CONFESSIONS OF PETER PUG.

My name is Peter Pug. I never was in love but twice. I have no wish to be in it a third time. I lost my first inamorata by a blunder of my own; the fault of my losing the second, does not attach to me: it rests with the young lady herself.

I will not weary the reader with a long story respecting the ways and means whereby I got acquainted with my first Dulcinea; neither will I attempt to be minutely eloquent in praise of her charms. I am fond of a nervous, condensed style of writing; particularly, when speaking of either of the two girls I loved. I say then at once, that Jemima was a perfect angel, both personally and intellectually. What more could I say in her praise, though I were write till doomsday?

I never take things, particularly in matters relating to love, in moderation: I like to be either hot or cold. I have no conception of an intermediate state of feeling. Nature has endowed me with unusually strong feelings and passions. I was desperately in love with Jemima; and, what is more, I thought I had every reason to believe that she loved me in return,— if not so violently, at least to such a degree as ought to have made me satisfied.

Those whom we love, we like to speak of. So says the proverb, and so say I. Nothing in the world afforded me greater pleasure than to hear other people speak of Jemima-always excepting the hearing herself speak-because I knew it was not in human nature to utter a word about her except what was in her praise. When my acquaintances betrayed no disposition to speak of her charms of their own accord, I generally contrived to decoy them into the subject by some means or other.

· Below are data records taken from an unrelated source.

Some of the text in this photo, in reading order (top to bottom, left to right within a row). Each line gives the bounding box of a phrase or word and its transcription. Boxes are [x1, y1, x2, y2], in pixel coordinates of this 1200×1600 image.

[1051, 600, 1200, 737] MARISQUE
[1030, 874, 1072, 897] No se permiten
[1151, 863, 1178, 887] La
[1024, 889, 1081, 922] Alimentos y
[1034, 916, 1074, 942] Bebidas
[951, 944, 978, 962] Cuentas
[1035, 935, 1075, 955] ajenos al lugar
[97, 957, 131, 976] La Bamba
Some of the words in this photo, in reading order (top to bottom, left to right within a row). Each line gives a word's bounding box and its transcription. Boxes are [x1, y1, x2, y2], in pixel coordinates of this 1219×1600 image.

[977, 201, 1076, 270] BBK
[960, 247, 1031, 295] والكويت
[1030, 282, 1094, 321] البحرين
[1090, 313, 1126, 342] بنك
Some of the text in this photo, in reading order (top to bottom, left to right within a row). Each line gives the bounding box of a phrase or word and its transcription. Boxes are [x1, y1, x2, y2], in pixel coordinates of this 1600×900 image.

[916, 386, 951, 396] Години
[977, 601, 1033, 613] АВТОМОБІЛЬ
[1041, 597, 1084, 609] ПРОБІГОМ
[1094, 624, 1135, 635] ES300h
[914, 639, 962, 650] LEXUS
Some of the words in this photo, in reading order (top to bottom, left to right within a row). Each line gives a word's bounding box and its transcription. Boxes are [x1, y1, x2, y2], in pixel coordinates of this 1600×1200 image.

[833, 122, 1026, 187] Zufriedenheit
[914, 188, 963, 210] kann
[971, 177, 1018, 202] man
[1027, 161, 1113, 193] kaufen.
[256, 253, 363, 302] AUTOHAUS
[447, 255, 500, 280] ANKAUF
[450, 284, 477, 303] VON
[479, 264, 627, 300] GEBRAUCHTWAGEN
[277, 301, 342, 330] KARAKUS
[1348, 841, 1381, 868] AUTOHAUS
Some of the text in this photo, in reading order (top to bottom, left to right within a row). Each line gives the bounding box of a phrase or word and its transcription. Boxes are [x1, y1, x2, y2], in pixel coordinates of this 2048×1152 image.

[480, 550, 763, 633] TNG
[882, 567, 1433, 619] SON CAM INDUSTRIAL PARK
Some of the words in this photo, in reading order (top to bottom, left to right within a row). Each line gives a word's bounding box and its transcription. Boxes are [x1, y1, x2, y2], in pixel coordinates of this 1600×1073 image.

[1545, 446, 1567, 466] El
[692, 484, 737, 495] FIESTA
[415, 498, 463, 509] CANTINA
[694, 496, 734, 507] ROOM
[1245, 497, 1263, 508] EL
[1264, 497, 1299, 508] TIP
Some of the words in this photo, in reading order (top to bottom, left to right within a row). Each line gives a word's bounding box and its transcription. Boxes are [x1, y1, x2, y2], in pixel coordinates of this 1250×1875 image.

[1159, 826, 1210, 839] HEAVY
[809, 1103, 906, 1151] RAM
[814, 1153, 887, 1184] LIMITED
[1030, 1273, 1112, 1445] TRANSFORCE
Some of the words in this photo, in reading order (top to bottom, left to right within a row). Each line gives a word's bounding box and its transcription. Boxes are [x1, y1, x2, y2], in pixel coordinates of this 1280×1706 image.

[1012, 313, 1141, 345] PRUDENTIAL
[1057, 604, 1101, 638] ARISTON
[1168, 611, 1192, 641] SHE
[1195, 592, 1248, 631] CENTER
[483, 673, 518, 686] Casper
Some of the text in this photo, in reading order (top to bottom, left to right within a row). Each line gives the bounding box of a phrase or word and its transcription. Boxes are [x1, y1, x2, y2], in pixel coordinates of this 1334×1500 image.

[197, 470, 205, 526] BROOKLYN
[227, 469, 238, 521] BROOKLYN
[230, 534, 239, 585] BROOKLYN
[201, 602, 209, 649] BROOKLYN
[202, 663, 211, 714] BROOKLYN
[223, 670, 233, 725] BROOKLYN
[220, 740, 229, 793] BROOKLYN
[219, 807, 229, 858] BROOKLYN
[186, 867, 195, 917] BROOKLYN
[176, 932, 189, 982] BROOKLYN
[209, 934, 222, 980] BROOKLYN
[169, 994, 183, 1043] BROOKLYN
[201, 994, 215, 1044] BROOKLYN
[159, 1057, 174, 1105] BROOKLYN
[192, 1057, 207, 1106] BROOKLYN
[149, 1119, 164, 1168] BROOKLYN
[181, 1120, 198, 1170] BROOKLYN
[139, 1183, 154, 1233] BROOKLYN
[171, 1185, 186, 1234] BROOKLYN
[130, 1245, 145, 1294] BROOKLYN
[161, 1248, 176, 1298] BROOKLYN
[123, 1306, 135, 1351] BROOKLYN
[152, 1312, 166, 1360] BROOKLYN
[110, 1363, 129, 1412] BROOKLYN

Two of my acquaintances had a particularly excellent taste as regarded the ladies. I knew full well from an indirect source, how highly

they thought of Jemima; but, somehow or other, they provokingly eschewed, notwithstanding all my attempts to trepan them into it, the subject of her charms when conversing with me.

I determined one day to fall on some scheme or other to call them out; not to fight, far from it; but to call them out in the way of expressing what they thought of the attractions of Jemima. I spent an entire blessed day in ruminating on the best way of doing this. After proposing and abandoning, in my own mind, countless devices for the purpose, many of them, I am convinced, excessively ingenious, I concluded that the best plan would be to get my two friends and self seated in the head inn of the place, and to begin discussing a bottle of the grateful grape; not doubting that the infinitely more agreeable topic of the peerless attractions of Jemima would be substituted ere long.

It is no crime, is it, to be poor? I know there are those who practically think so; but this comes of ignorance and a want of principle. I have no hesitation in admitting that I was poor when in love with Jemima: with my pre

sent circumstances the world has nothing to do. I consoled myself in my poverty with the reflection, that it is often with lovers as with poets; that is to say, that the poorest make the best. As to poor men making first-rate lovers, I had an example in myself which abundantly satisfied me on the point. As to poor poets very often making the best poets-there is no Irishism here my extensive learning supplied me with innumerable proofs. Does the reader want any? Let him take the instances of Homer, Terence, Tasso, Dryden, Otway, Chatterton, Goldsmith, and a thousand others.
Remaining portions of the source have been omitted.